Cwana baba i faktycznie głupia to nie jest. -  pomyślałem o niej z uznaniem. 

Takiego zeznania to w życiu bym się nie spodziewał. Był to dla mnie chyba najlepszy świadek, jakiego przesłuchałem w całej swojej dotychczasowej karierze zawodowej.

- Jeżeli twoje zeznania są prawdą to obiecuję, że będziesz wolna i dostaniesz nowe życie. Zaraz od rana będziemy sprawdzać te wszystkie informacje. W zależności od wyników będę załatwiał ochronę dla ciebie i córki.

- To, co kończymy na razie? Chociaż… zamyśliłem się. Nurtuje mnie jeszcze jedna sprawa. Wiem, że jesteś zmęczona, ja też, ale musisz mi jeszcze jedno wyjaśnić. Bardzo mi na tym zależy

- Słucham? – Karolina jak by czekała na to pytanie. Doskonale wiedziała, że pewną historię pominęła

- Co takiego zrobił Kazik, że musiał zginąć tak okropna śmiercią.

Karolina przez chwilę nic nie mówiła. Widać było, że zbiera myśli i zastanawia się, od czego zacząć.
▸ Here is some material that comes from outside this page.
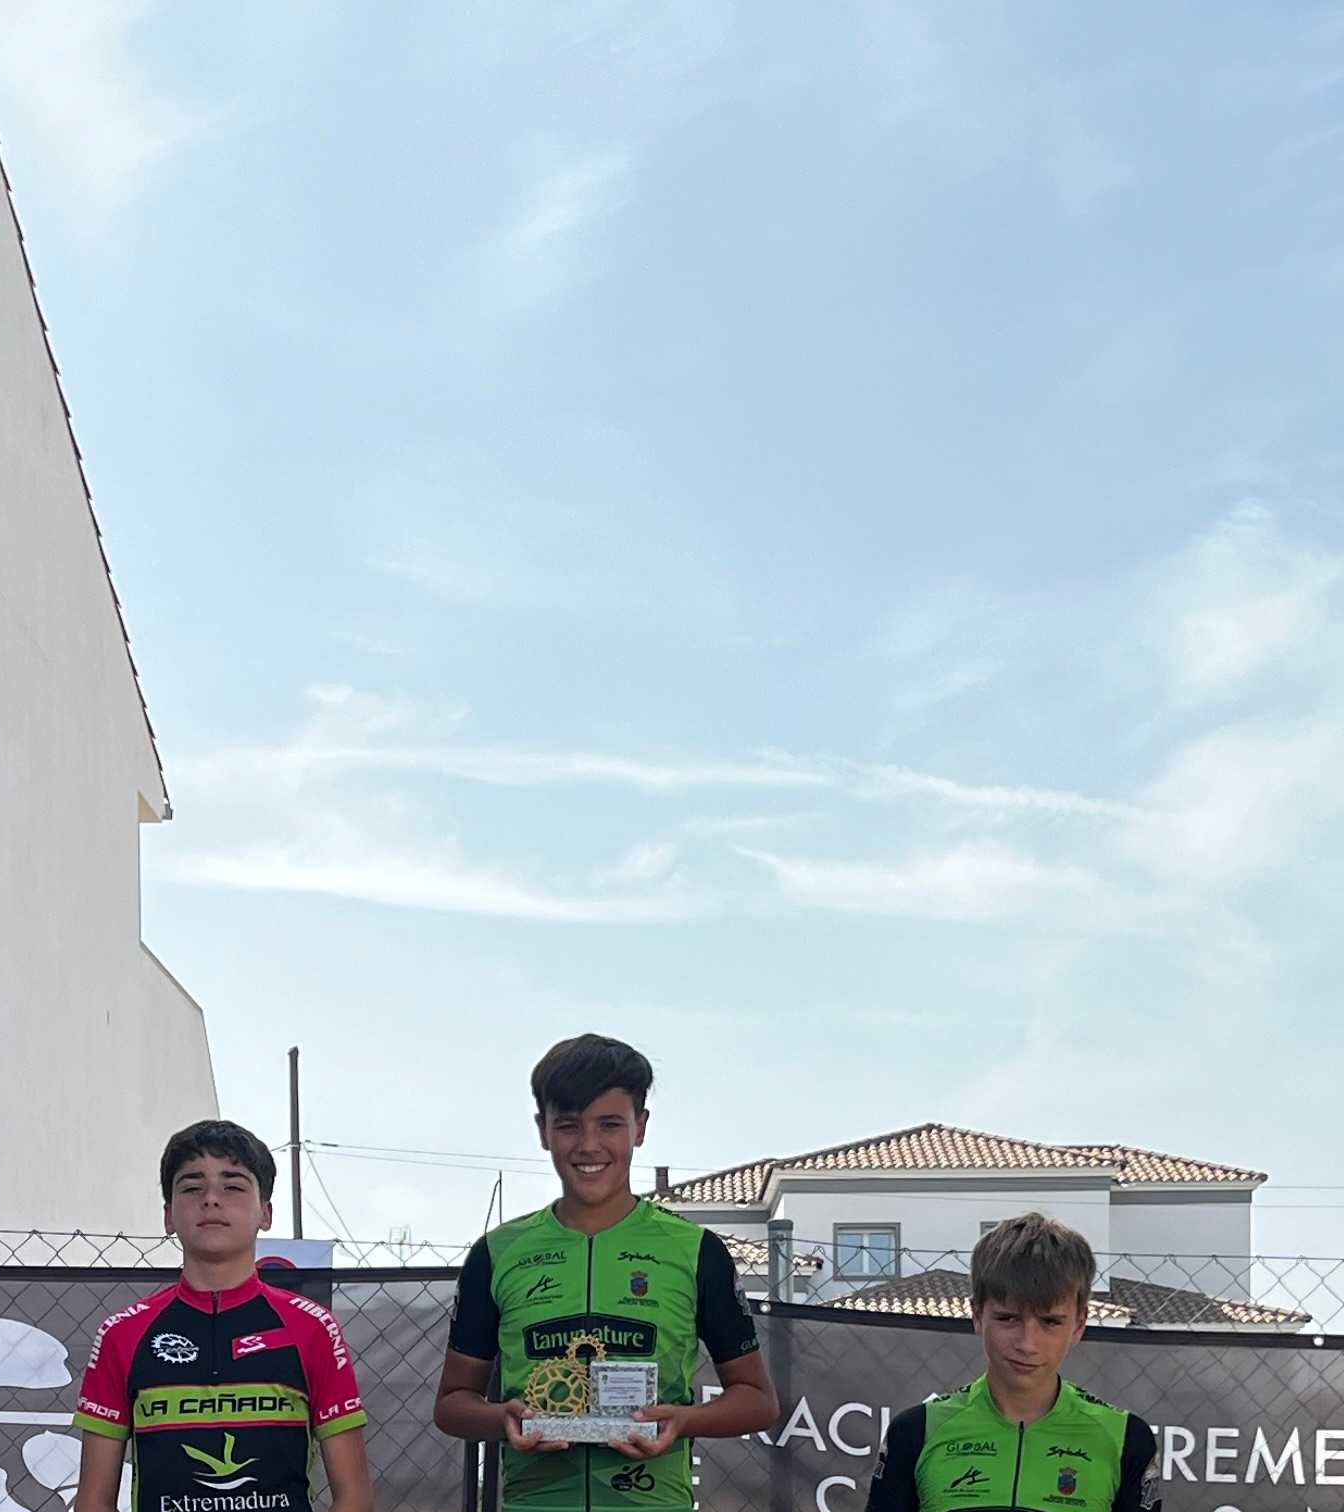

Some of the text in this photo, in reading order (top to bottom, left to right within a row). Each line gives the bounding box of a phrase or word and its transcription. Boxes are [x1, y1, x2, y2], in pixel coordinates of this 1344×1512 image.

- Kazik Kopczyński – zaczęła w końcu. Naiwny gnojek. Pracował dla Kaliskiego od dawna, który wykorzystywał go do najgorszej roboty, a dawał ochłapy i generalnie miał go za nic. Kazik był dla niego wygodny, bo nie domagał się niczego, a robił wszystko, co mu ten wariat kazał. Jeździł starym maluchem, miał kawalerkę w komunalnym. Czasami jak miał możliwość to orżnął Kaliskiego na jakieś drobne dwieście czy trzysta złotych. Jemu to w zupełności wystarczało, a Kaliski nawet nie miał możliwości zorientować się, gdyż obracał naprawdę dużą kasą. Kazik wiedział o różnych sprawach, przestępstwach, brał udział w każdym zabójstwie. Nigdy jednak pary z ust nie puścił. Zresztą siedział u was kilkakrotnie i nic nie wyciągnęliście z niego. Ale Kazik czasami to sprawiał takie wrażenie jakby miał coś z głową.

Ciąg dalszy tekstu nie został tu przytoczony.